# Loki Mode

**The First Truly Autonomous Multi-Agent Startup System**

[![Claude Code](https://img.shields.io/badge/Claude-Code-orange)](https://claude.ai)
[![Agent Types](https://img.shields.io/badge/Agent%20Types-37-blue)]()
[![Loki Mode](https://img.shields.io/badge/Loki%20Mode-98.78%25%20Pass%401-blueviolet)](benchmarks/results/)
[![HumanEval](https://img.shields.io/badge/HumanEval-98.17%25%20Pass%401-brightgreen)](benchmarks/results/)
[![SWE-bench](https://img.shields.io/badge/SWE--bench-99.67%25%20Patch%20Gen-brightgreen)](benchmarks/results/)
[![License](https://img.shields.io/badge/License-MIT-green.svg)](LICENSE)

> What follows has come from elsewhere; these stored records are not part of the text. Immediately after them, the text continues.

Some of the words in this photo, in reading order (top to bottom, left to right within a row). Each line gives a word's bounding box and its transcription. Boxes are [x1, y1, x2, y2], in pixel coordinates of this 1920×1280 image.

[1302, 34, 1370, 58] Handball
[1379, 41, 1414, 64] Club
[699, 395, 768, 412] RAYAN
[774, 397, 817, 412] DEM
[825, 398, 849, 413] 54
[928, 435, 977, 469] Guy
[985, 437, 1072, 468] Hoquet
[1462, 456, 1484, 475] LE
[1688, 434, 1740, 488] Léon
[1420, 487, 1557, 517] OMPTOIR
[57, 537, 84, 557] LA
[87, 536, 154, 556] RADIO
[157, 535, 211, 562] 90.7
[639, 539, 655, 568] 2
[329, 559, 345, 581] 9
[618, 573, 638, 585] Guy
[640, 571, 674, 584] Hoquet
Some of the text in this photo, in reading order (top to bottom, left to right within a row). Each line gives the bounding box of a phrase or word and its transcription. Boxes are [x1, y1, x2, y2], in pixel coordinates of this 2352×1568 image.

> **PRD → Deployed Product in Zero Human Intervention**
>
> Loki Mode transforms a Product Requirements Document into a fully built, tested, deployed, and revenue-generating product while you sleep. No manual steps. No intervention. Just results.

---

## Demo

[![asciicast](https://asciinema.org/a/EqNo5IVTaPJfCjLmnYgZ9TC3E.svg)](https://asciinema.org/a/EqNo5IVTaPJfCjLmnYgZ9TC3E)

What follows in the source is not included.